Math 251 has had a common final exam in the past, into which I had only a little input. The procedures have been changed a little since: now there is a common general form of the final exam, but with small variation allowed. I don't yet know details, and probably won't until near the end of the quarter. You should assume, though, that I have much less influence on the final exam than might be expected.

The following is the Fall 2015 official policy on grading and the common final exam, written by the course coordinator (with no input from me). It was also in effect the last time I taught this course (Spring 2016). I don't yet know what replaces it for this quarter, now that the system has been changed.

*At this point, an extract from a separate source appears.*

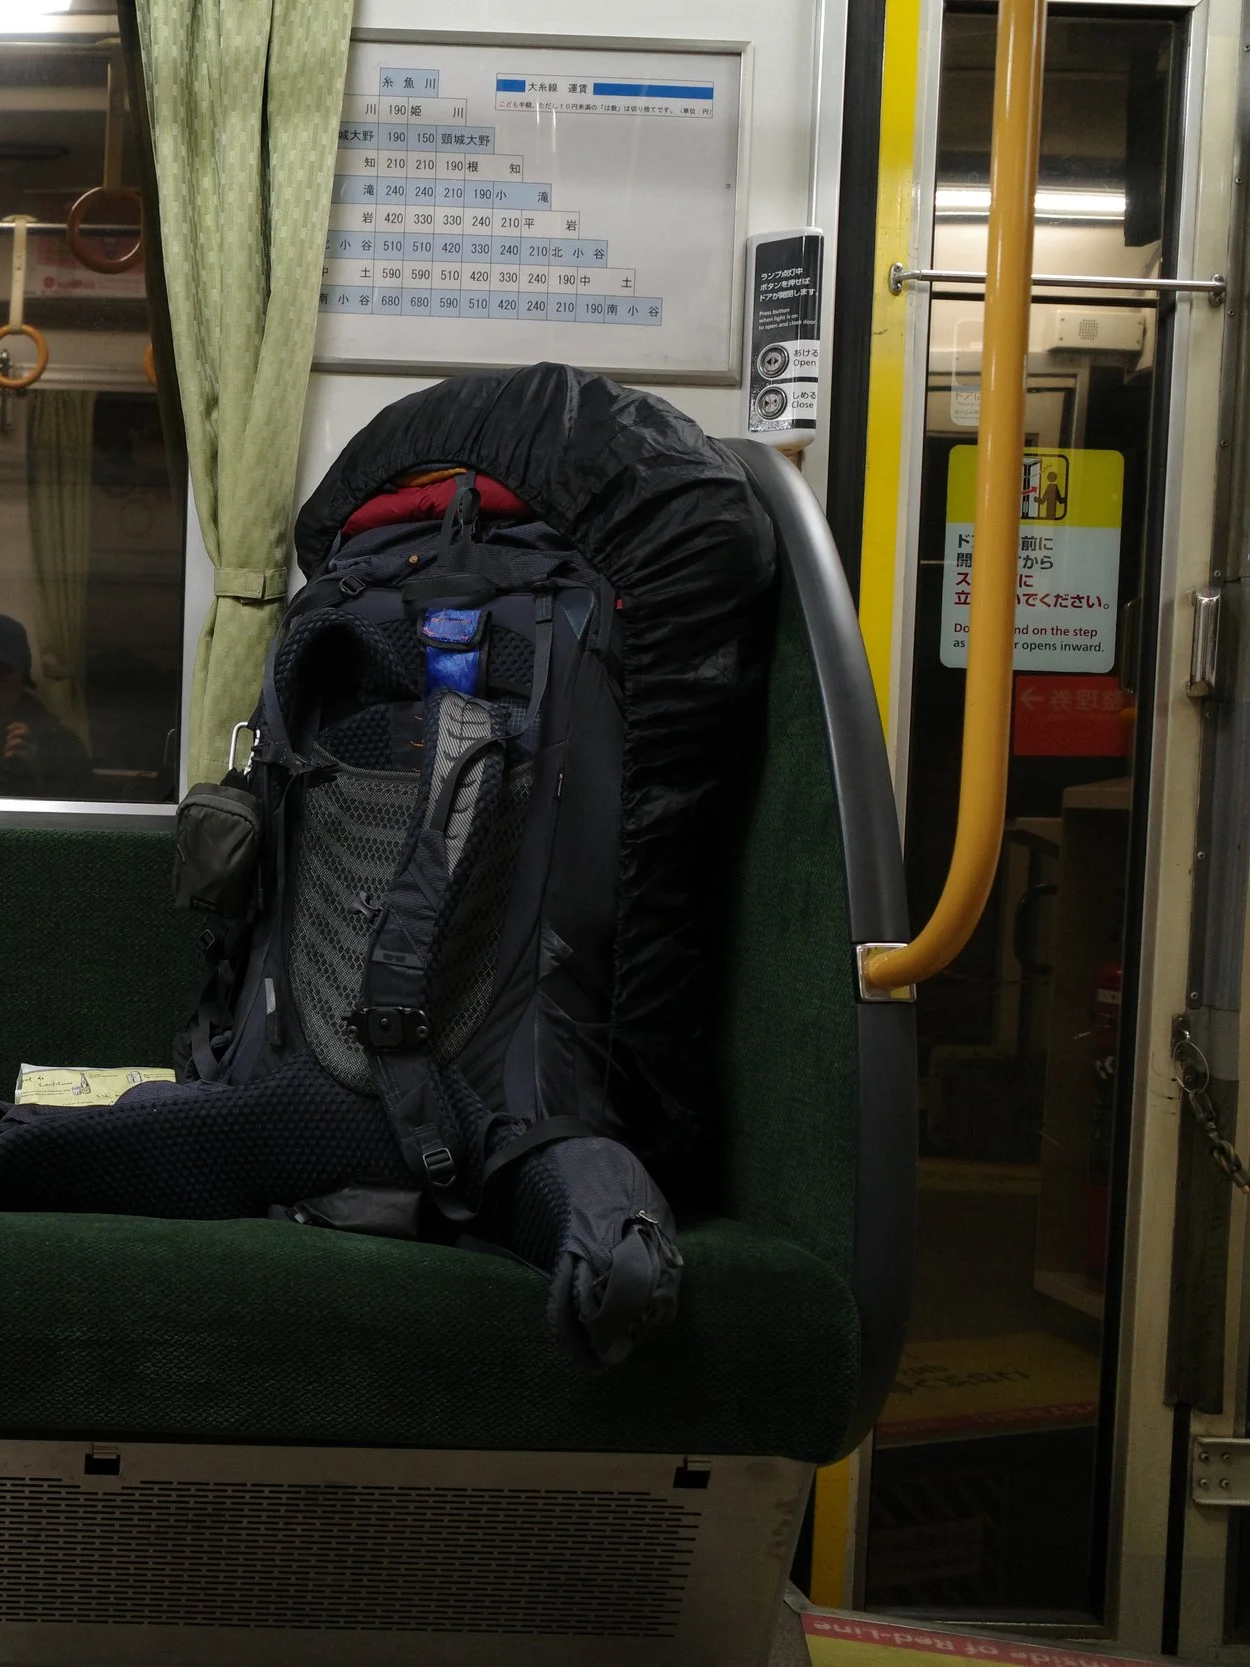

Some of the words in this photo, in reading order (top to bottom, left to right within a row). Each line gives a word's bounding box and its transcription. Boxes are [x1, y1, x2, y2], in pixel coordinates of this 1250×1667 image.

Regarding the assignment of letter grades, in order to uniformize grading standards across the many sections of MA251 we will use the following procedure. All MA251 sections will take the same final exam, which will be graded collectively by the instructors on a scale of 90=A, 80=B, 70=C, 60=D (if necessary, a curve will be decided collectively by the instructors). For any given section, the number of A/B/C/D/F grades given in the course will roughly match the corresponding number of letter grades earned on the final exam. So if a section with 20 students gets 7 As, 6 Bs, 5 Cs, and 2 Ds on the final exam, then the instructor will be allowed to award a maximum of 7 As, 6 Bs, 5 Cs, and 2 Ds for total course grades (with a little leeway allowed for borderline cases). If the instructor only felt that 5 As were appropriate, he or she could roll the extra two As down into the B bracket, and similarly for the other letter grades.

This system removes the unfairness that can result if one instructor is a very easy grader and another instructor is a very difficult grader.

Note that the system encourages and rewards strong performances on the final; if 15 students in the same class studied hard and got As on the final, then the instructor could give 15 As for the total course grade.

As a last point, in extreme cases instructors might be allowed to deviate from this system in consultation with the lead course instructor.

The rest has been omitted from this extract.